3. Reaction with carbonates and hydrogencarbonates: Ethanoic acid reacts with carbonates and hydrogencarbonates to give rise to a salt, carbon dioxide and water. The salt produced is commonly called sodium acetate.

$ \begin{aligned} & 2 CH_3 COOH+Na_2 CO_3 \to 2 CH_3 COONa+H_2 O+CO_2 \\ & CH_3 COOH+NaHCO_3 \to CH_3 COONa+H_2 O+CO_2 \end{aligned} $

CHECK Point

~~

• What are the products obtained on reaction of acetic acid with magnesium carbonate?

~~ Solution

Magnesium acetate, water and carbondioxide

$ \underset{\text{ Acetic acid }}{2 CH_3 COOH}+\underset{\text{ Magnesium carbonate }}{MgCO_3} \longrightarrow \underset{\text{ Magnesium acetate }}{(CH_3 COO)_2 Mg+H_2 O+CO_2 \uparrow} $

4. Reaction with $(PCl_5, PCl_3.$ and $.SOCl_2)$

5. Decarboxylation : Sodium or potasium salts of carboxylic acids on heating with soda lime $(NaOH+CaO)$ give alkanes which contain one carbon atom less than the parent acid

$ CH_3 COONa+NaOH \xrightarrow{CaO, \text{ Heat }} CH_4+Na_2 CO_3 $

Uses :

It is an important chemical reagent and industrial chemical that is used in the production of polyethylene terephthalate mainly used in soft drink bottles; cellulose acetate, mainly for photographic film; and polyvinyl acetate for wood glue, as well as synthetic fibres and fabrics. In households diluted acetic acid is often used in descaling agents. In the food industry acetic acid is used under the food additive code E260 as an acidity regulator.

SOAPS AND DETERGENTS :

Soaps are sodium or potassium fatty acids salts, produced from the alkaline hydrolysis of fats (higher fatty acids) in a chemical reaction called saponification. They are of biclogical origin. Each soap molecule has a long hydrocarbon chain, sometimes called its ’tail’, with a carboxylate ‘head’. In water, the sodium or potassium ions float free, leaving a negatively-charged head.
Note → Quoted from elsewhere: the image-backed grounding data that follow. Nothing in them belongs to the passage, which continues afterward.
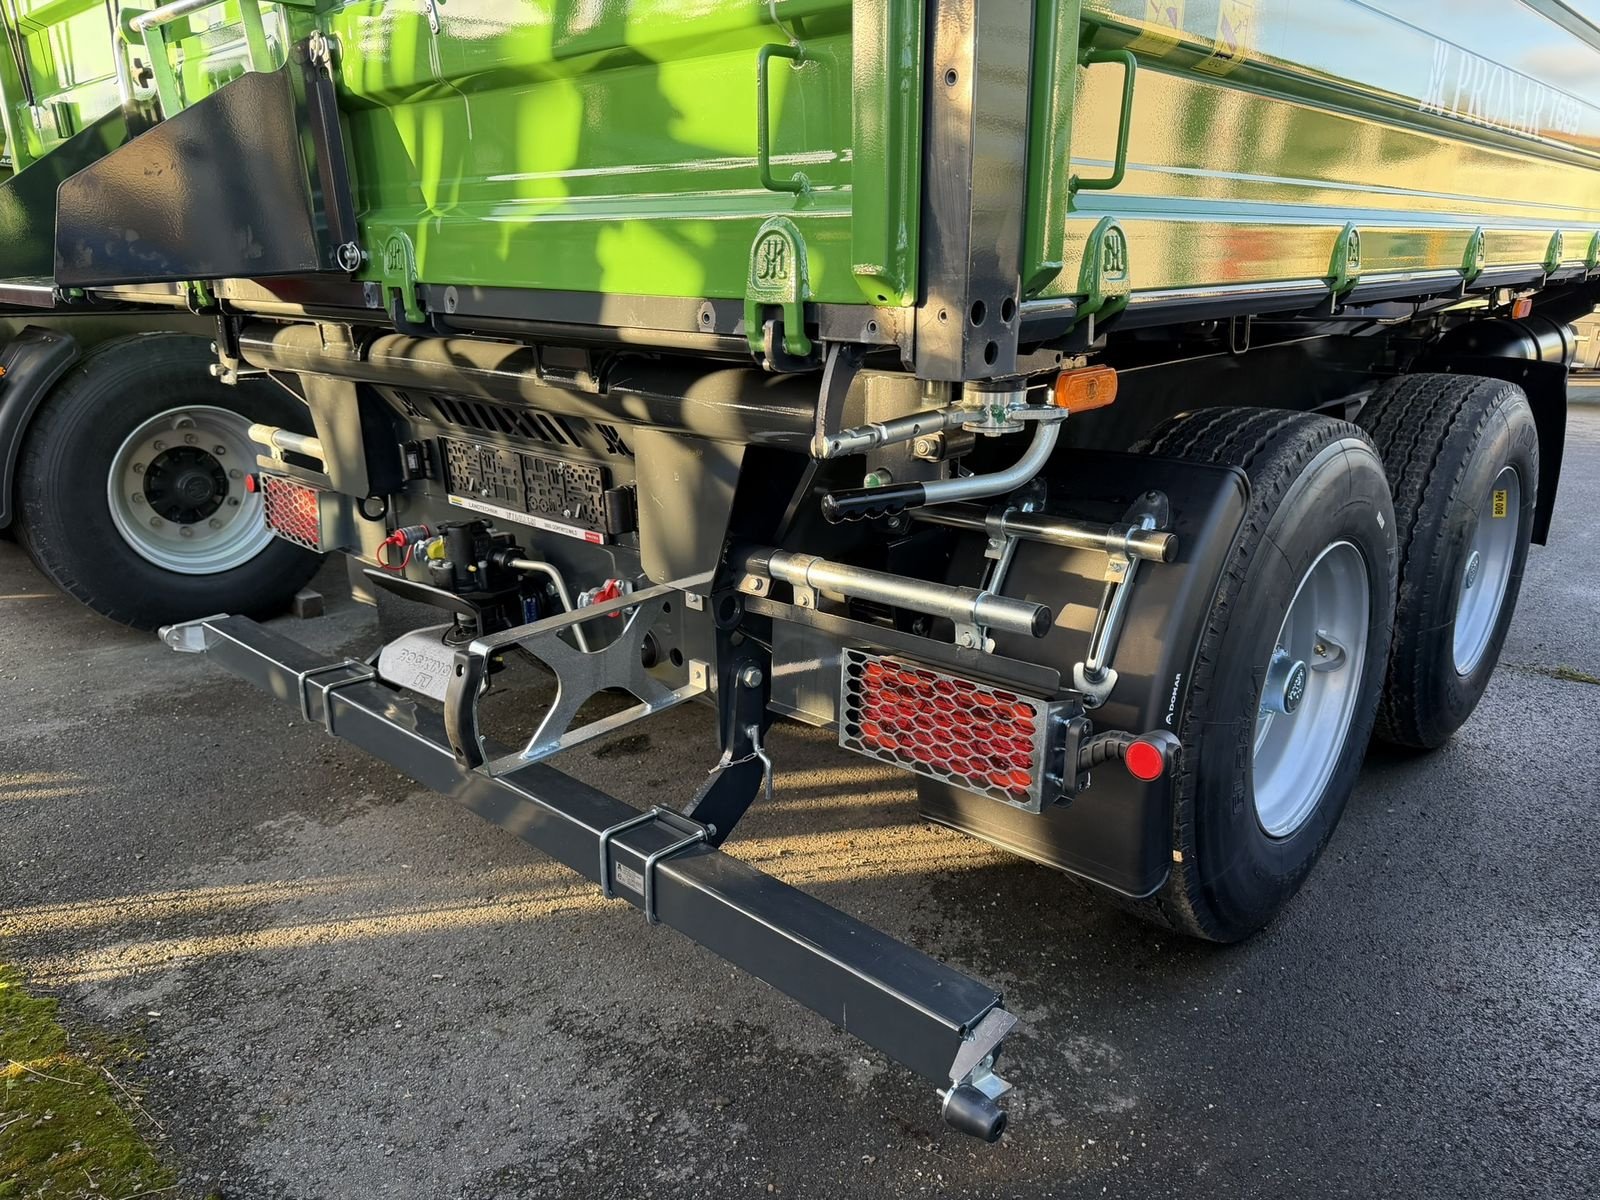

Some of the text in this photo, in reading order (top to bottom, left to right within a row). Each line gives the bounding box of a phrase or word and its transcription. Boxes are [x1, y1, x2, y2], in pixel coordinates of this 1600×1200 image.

[1449, 51, 1546, 136] PRONAR
[1495, 502, 1504, 515] 800
[397, 648, 452, 677] ROCKING
[1169, 673, 1181, 711] DOMAR
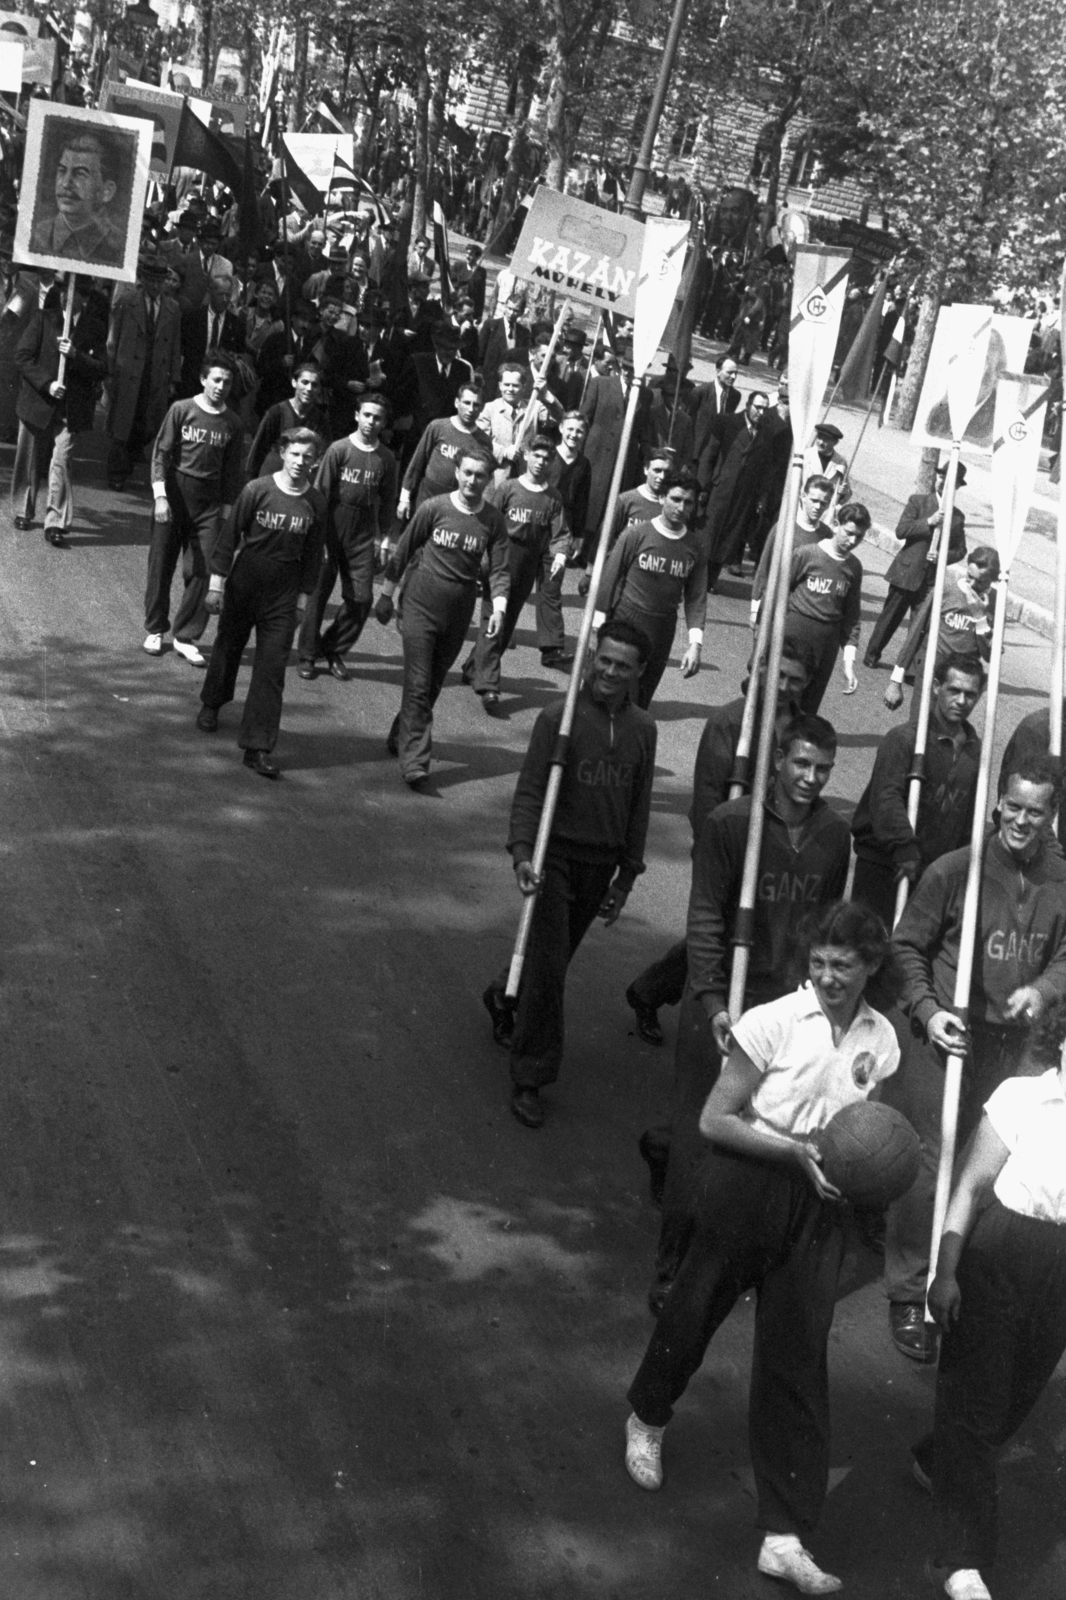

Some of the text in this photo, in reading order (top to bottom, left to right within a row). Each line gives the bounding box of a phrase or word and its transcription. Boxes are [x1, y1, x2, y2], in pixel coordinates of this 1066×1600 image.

[527, 236, 636, 296] KAZÁN
[181, 425, 207, 443] GANZ
[256, 510, 286, 530] GANZ
[508, 507, 532, 523] GANZ
[433, 528, 460, 548] GANZ
[638, 553, 667, 573] GANZ
[807, 576, 833, 594] GANZ
[945, 612, 970, 631] GANZ
[577, 759, 633, 788] GANZ
[758, 871, 822, 903] GANZ
[987, 929, 1049, 966] GANZ
Detergents(syndets) are emulsifying agents that are very similar to soaps but they do not have a biological origin and they do not have a carboxylate group instead of it they have sulphonate group as they are sodium salt of long chain sulphonic acid. Synthetic detergents usually have a long hydrocarbon chain with between 12 and 20 carbon atoms. At the head of this chain there is a polar group that is a strong hydrogen bonder to water but does not form strong ionic bonds with the ions of hard water.

Before dealing with cleaning action of soap let us understand few points:

• The salts of fatty acids have an ionic polar head group, the carboxylate and a long non-polar hydrocarbon chain.

• The polar group is hydrophilic (i.e. water-loving), the non-polar portion is hydrophobic (i.e. water-hating) or lipophilic.
• As a result aqueous solutions of this type of compound tend to form ordered aggregates such as micelles and bilayers.
• Here the polar groups are exposed to the water and the hydrocarbon portions are “buried” within the core, away from the water.

How Soap Cleans :

The things we call “dirt” are actually grease, oils, and fats which are insoluble in water. When cleaning, soap micelles come into contact with the “dirt” and because like dissolves like, a minute amount of “dirt” dissolves within the central region of the soap micelle. Nonpolar dirts are emulsified and washed away in polar wash water. This is why soaps are said to be good emulsifying agents.

How Dces Detergent Remove Grease From Clothing?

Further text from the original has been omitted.